PROBLEM TO SOLVE: Exact copies of all the lines below are needed, without the pictures.

DATA SHOWN:

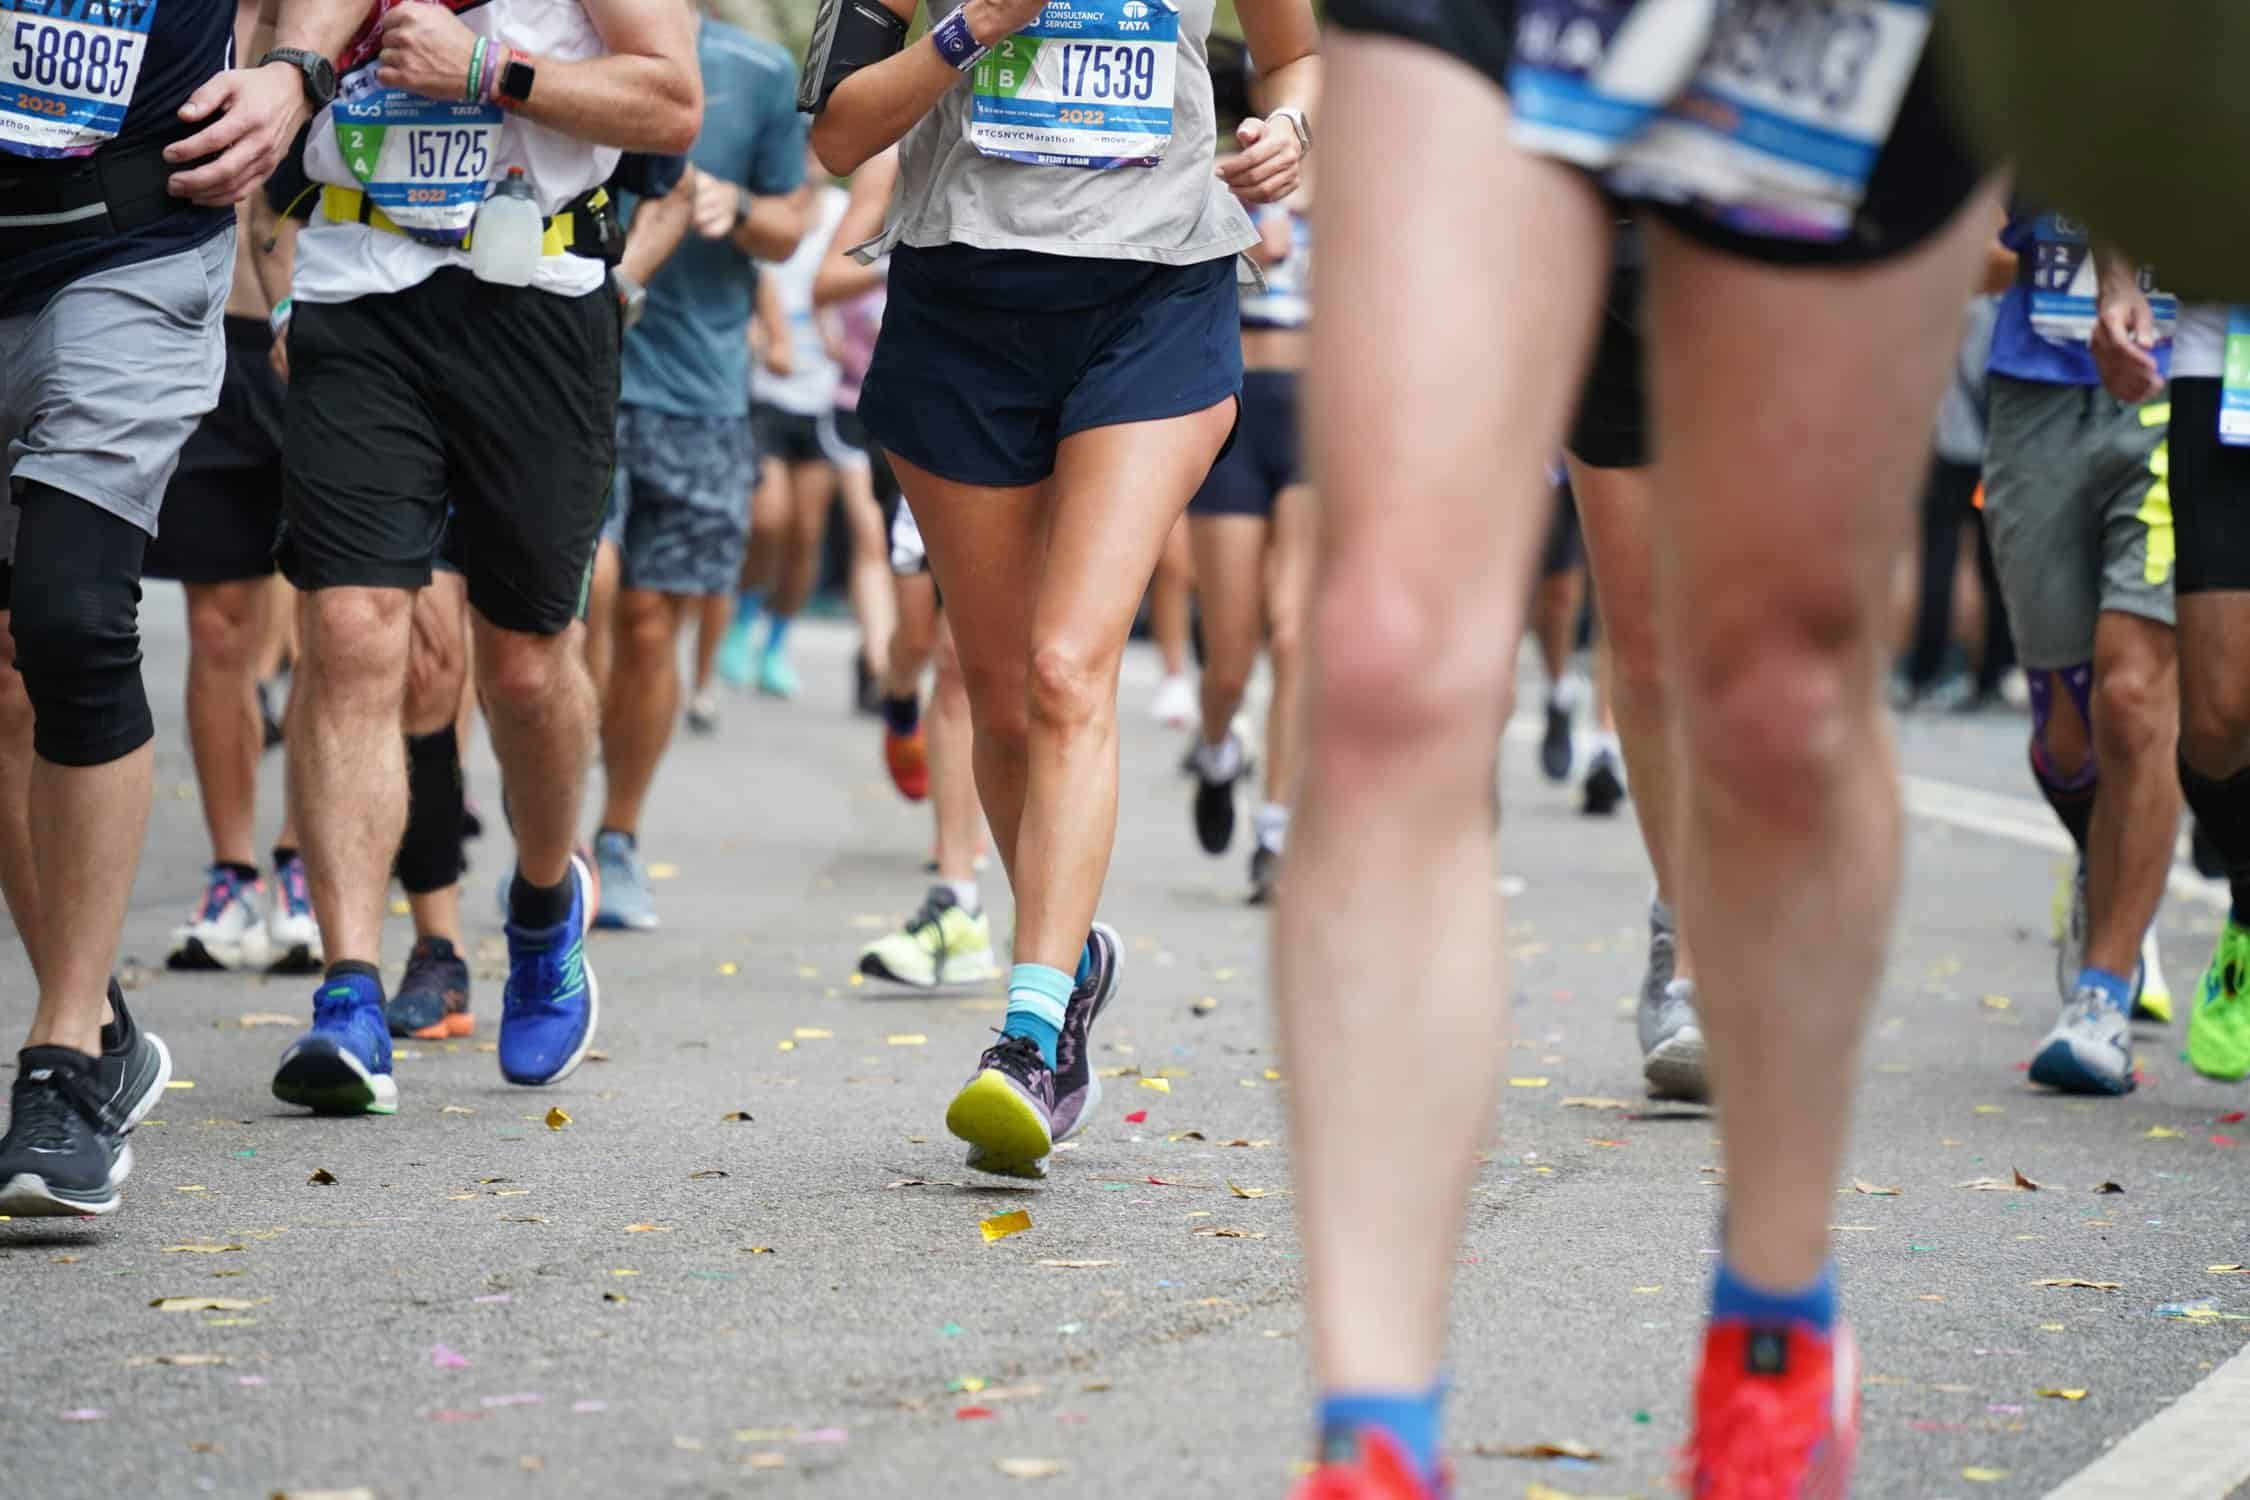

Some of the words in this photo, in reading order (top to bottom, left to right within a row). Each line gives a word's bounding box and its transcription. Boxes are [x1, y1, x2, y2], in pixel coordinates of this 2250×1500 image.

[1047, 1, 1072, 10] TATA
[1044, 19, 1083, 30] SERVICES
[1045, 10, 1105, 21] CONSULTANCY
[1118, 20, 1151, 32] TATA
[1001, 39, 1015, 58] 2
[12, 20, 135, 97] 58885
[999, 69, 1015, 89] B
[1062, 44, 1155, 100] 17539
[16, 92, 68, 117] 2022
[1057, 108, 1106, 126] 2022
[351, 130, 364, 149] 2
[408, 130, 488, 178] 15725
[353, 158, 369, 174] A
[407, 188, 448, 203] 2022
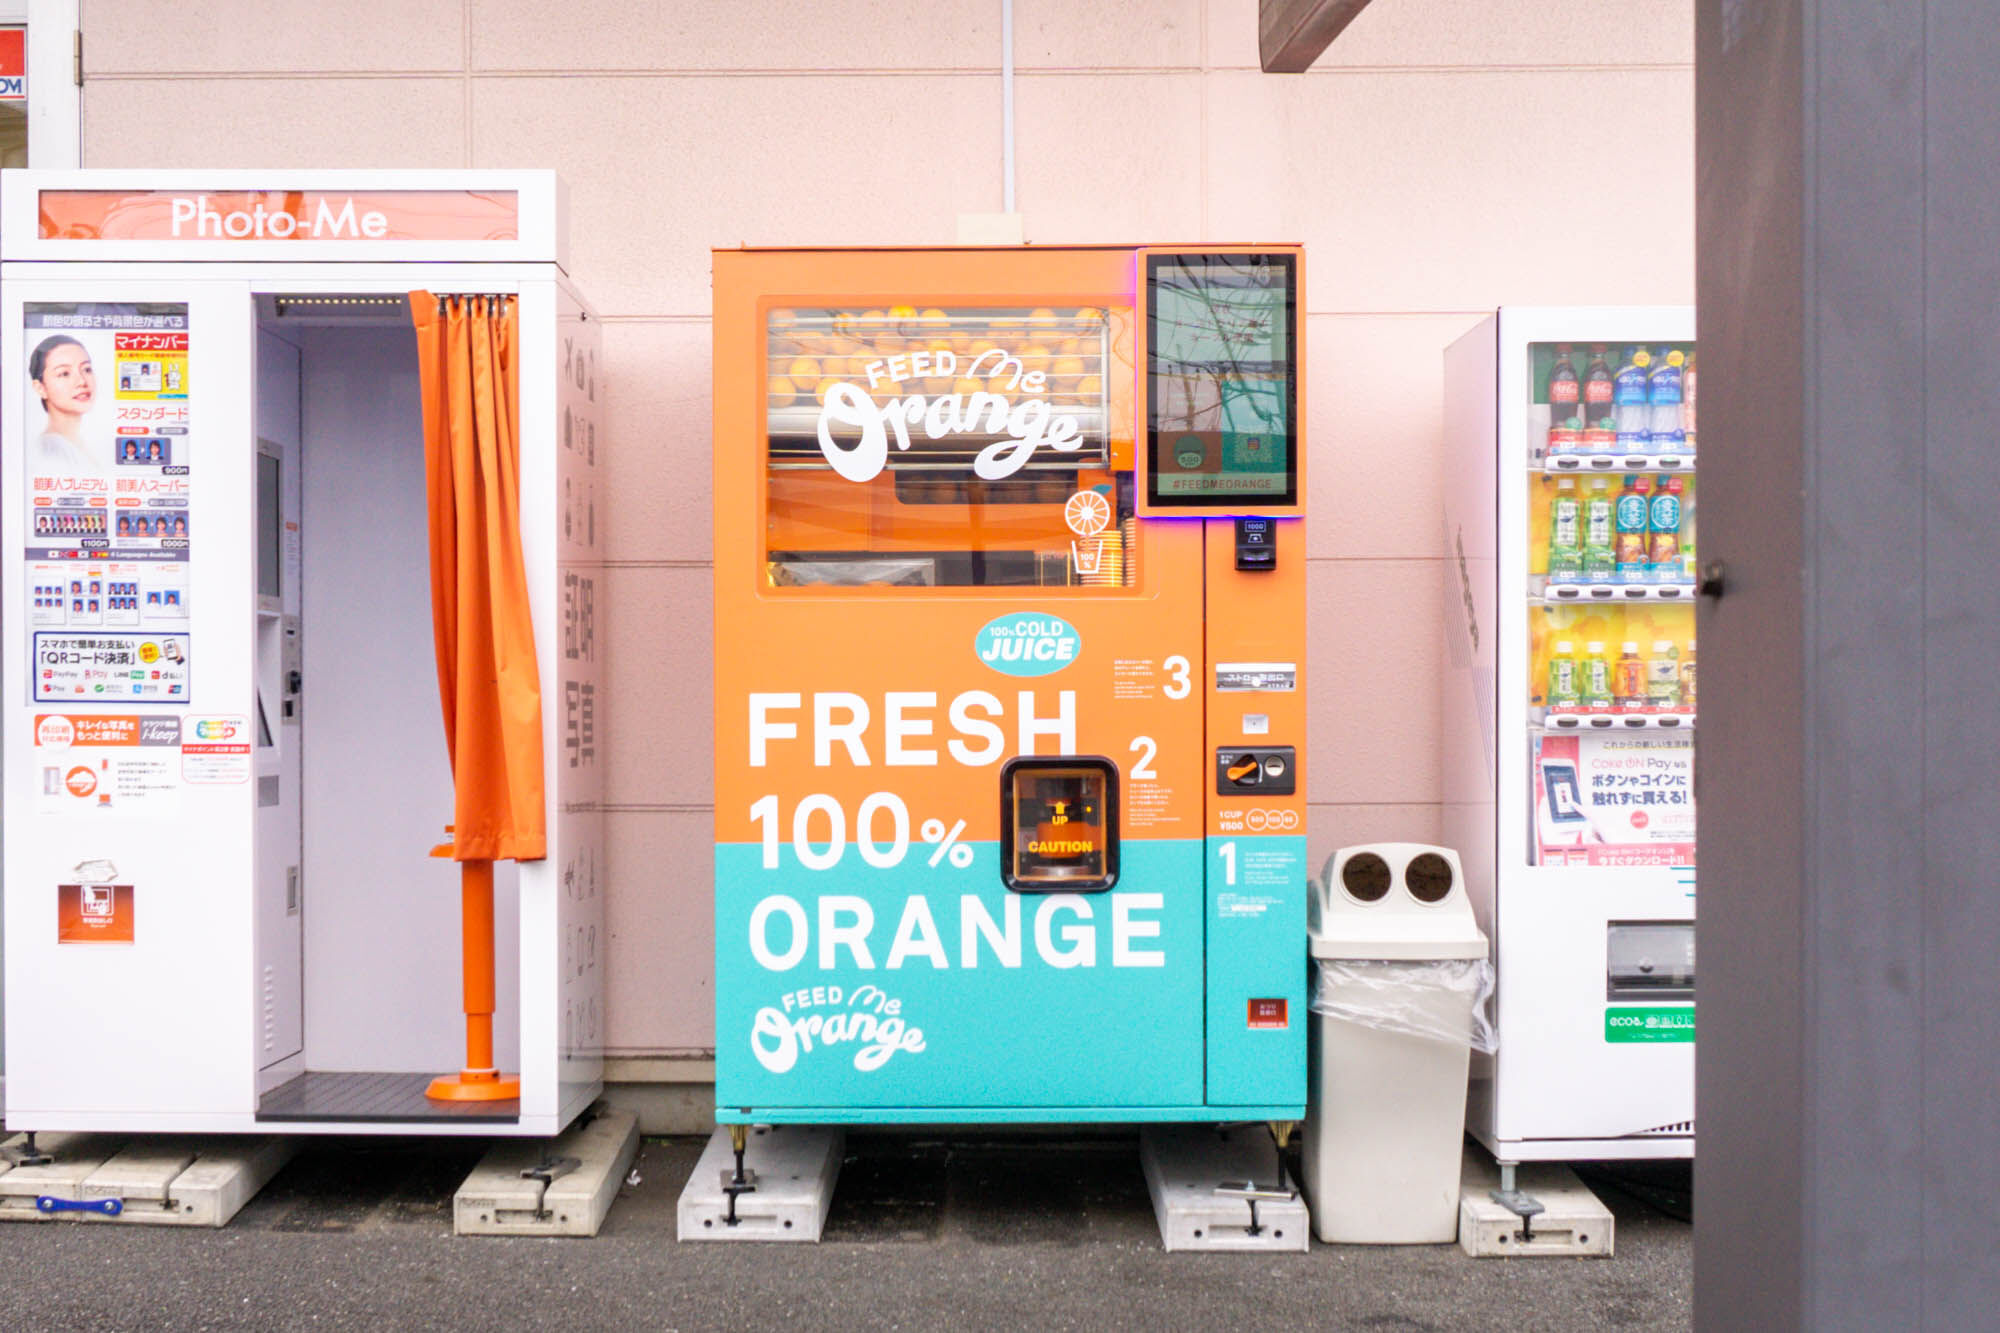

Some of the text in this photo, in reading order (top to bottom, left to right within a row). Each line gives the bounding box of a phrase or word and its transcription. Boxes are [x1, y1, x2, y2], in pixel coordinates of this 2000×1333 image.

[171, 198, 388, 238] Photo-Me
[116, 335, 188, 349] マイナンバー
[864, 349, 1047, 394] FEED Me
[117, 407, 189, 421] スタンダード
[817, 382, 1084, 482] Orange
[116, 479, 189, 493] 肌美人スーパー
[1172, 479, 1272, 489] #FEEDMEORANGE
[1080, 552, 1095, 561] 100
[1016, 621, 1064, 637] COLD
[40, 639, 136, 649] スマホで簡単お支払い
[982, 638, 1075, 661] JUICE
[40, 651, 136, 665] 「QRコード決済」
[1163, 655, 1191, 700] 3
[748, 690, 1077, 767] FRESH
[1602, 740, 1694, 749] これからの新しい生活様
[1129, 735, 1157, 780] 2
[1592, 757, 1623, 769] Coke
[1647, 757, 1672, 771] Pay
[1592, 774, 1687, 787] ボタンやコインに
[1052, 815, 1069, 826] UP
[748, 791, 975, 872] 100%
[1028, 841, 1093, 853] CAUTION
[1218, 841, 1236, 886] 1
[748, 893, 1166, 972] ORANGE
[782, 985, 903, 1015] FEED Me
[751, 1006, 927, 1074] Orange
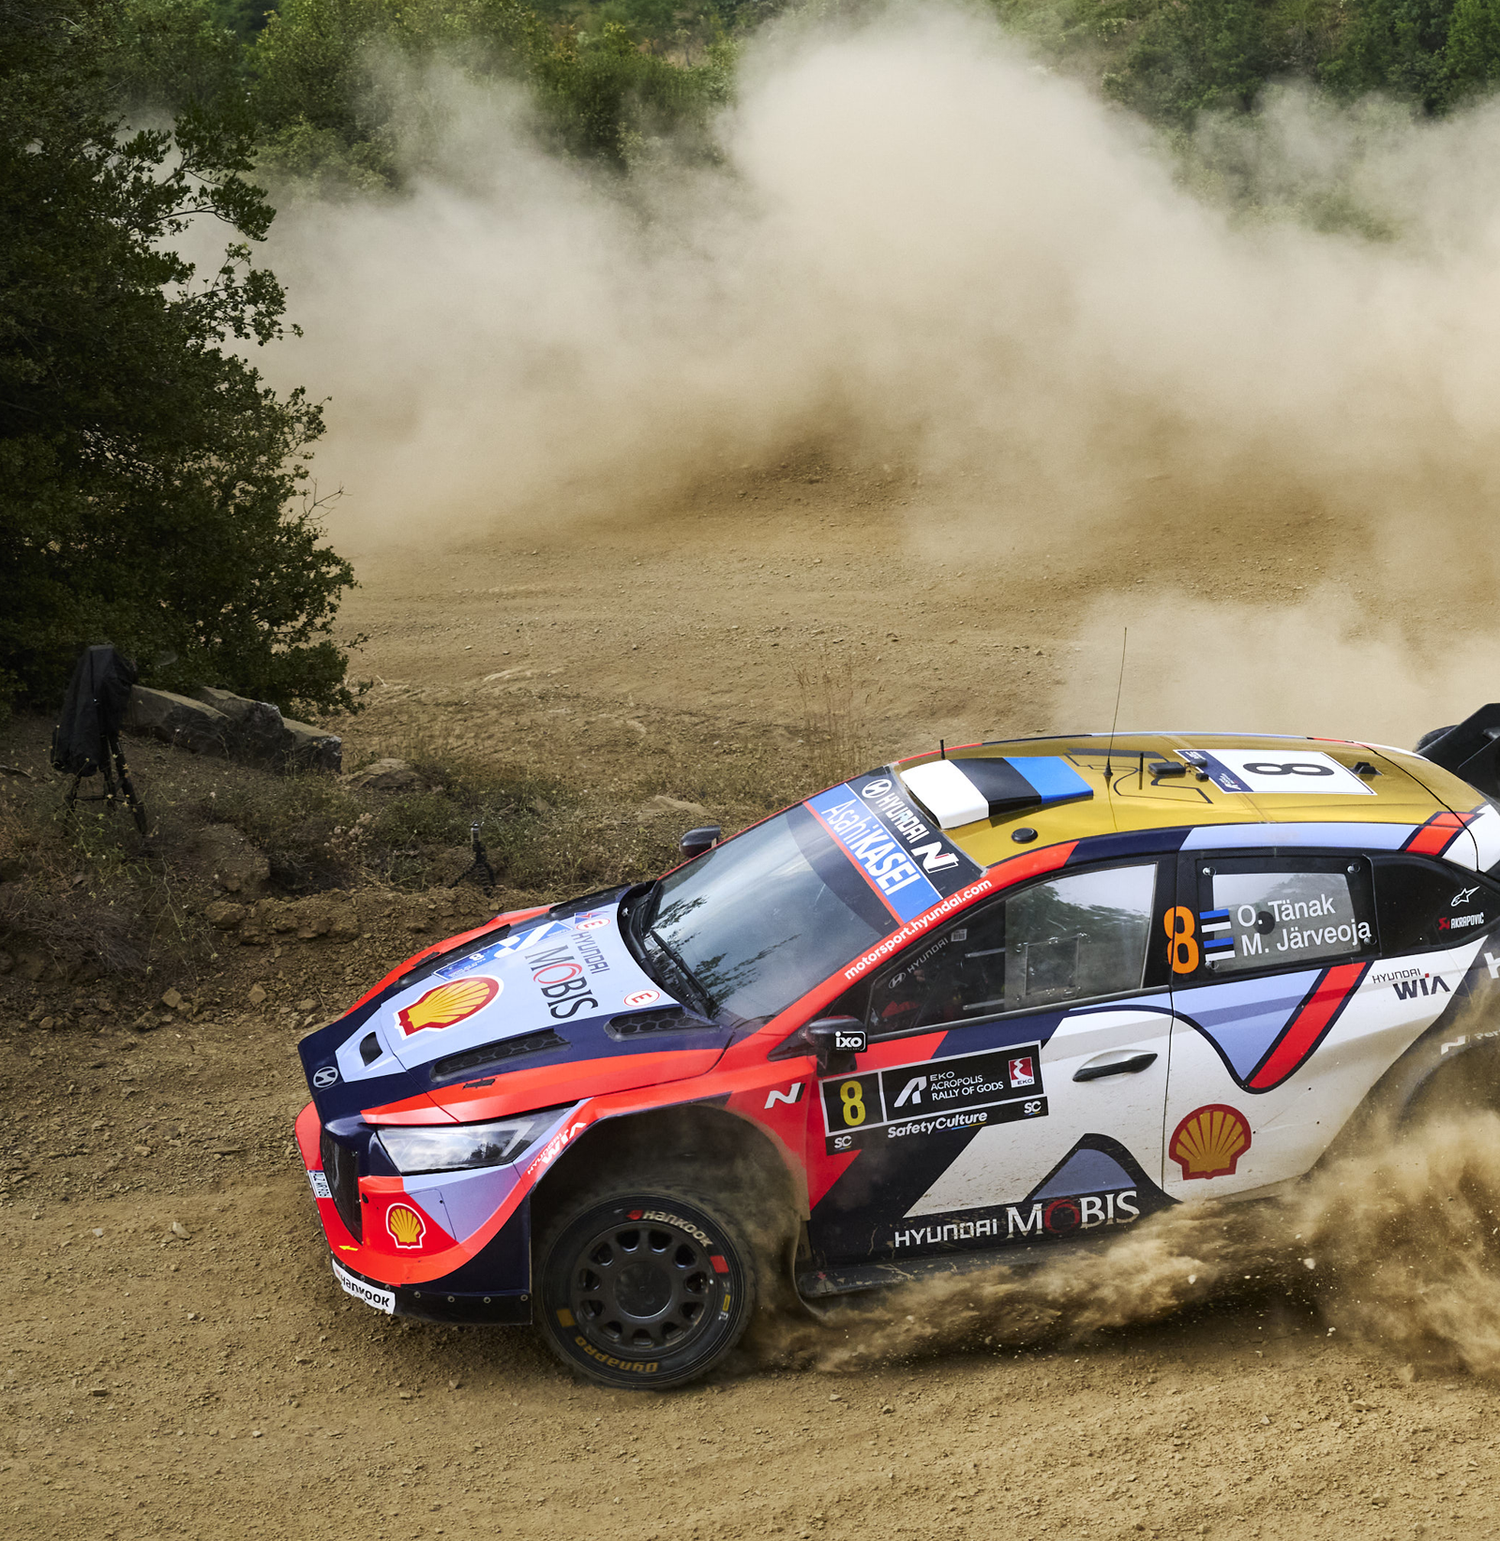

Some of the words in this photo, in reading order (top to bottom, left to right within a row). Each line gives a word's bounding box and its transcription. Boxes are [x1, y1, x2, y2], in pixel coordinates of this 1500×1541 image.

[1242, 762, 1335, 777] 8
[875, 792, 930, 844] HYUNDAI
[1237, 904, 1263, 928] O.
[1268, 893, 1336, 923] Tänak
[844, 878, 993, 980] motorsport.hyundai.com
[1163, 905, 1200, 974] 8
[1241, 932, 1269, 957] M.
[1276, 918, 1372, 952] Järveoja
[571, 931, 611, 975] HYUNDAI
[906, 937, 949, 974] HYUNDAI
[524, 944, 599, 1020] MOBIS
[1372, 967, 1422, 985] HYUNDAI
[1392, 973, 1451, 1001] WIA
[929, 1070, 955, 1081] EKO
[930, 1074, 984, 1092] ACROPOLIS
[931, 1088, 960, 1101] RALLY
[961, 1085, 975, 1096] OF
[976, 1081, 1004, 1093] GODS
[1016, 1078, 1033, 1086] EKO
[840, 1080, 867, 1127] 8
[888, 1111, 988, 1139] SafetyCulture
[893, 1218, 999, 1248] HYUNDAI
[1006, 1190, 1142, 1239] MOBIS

ANSWER BELOW:
Some of the words in this photo, in reading order (top to bottom, left to right within a row). Each line gives a word's bounding box and its transcription. Boxes are [x1, y1, x2, y2], in pixel coordinates of this 2250×1500 image.

[1047, 1, 1072, 10] TATA
[1044, 19, 1083, 30] SERVICES
[1045, 10, 1105, 21] CONSULTANCY
[1118, 20, 1151, 32] TATA
[1001, 39, 1015, 58] 2
[12, 20, 135, 97] 58885
[999, 69, 1015, 89] B
[1062, 44, 1155, 100] 17539
[16, 92, 68, 117] 2022
[1057, 108, 1106, 126] 2022
[351, 130, 364, 149] 2
[408, 130, 488, 178] 15725
[353, 158, 369, 174] A
[407, 188, 448, 203] 2022

Some of the text in this photo, in reading order (top to bottom, left to right within a row). Each line gives the bounding box of a phrase or word and its transcription. Boxes are [x1, y1, x2, y2], in pixel coordinates of this 2000×1333 image.

[171, 198, 388, 238] Photo-Me
[116, 335, 188, 349] マイナンバー
[864, 349, 1047, 394] FEED Me
[117, 407, 189, 421] スタンダード
[817, 382, 1084, 482] Orange
[116, 479, 189, 493] 肌美人スーパー
[1172, 479, 1272, 489] #FEEDMEORANGE
[1080, 552, 1095, 561] 100
[1016, 621, 1064, 637] COLD
[40, 639, 136, 649] スマホで簡単お支払い
[982, 638, 1075, 661] JUICE
[40, 651, 136, 665] 「QRコード決済」
[1163, 655, 1191, 700] 3
[748, 690, 1077, 767] FRESH
[1602, 740, 1694, 749] これからの新しい生活様
[1129, 735, 1157, 780] 2
[1592, 757, 1623, 769] Coke
[1647, 757, 1672, 771] Pay
[1592, 774, 1687, 787] ボタンやコインに
[1052, 815, 1069, 826] UP
[748, 791, 975, 872] 100%
[1028, 841, 1093, 853] CAUTION
[1218, 841, 1236, 886] 1
[748, 893, 1166, 972] ORANGE
[782, 985, 903, 1015] FEED Me
[751, 1006, 927, 1074] Orange

Some of the words in this photo, in reading order (top to bottom, left to right within a row). Each line gives a word's bounding box and its transcription. Boxes are [x1, y1, x2, y2], in pixel coordinates of this 1500×1541 image.

[1242, 762, 1335, 777] 8
[875, 792, 930, 844] HYUNDAI
[1237, 904, 1263, 928] O.
[1268, 893, 1336, 923] Tänak
[844, 878, 993, 980] motorsport.hyundai.com
[1163, 905, 1200, 974] 8
[1241, 932, 1269, 957] M.
[1276, 918, 1372, 952] Järveoja
[571, 931, 611, 975] HYUNDAI
[906, 937, 949, 974] HYUNDAI
[524, 944, 599, 1020] MOBIS
[1372, 967, 1422, 985] HYUNDAI
[1392, 973, 1451, 1001] WIA
[929, 1070, 955, 1081] EKO
[930, 1074, 984, 1092] ACROPOLIS
[931, 1088, 960, 1101] RALLY
[961, 1085, 975, 1096] OF
[976, 1081, 1004, 1093] GODS
[1016, 1078, 1033, 1086] EKO
[840, 1080, 867, 1127] 8
[888, 1111, 988, 1139] SafetyCulture
[893, 1218, 999, 1248] HYUNDAI
[1006, 1190, 1142, 1239] MOBIS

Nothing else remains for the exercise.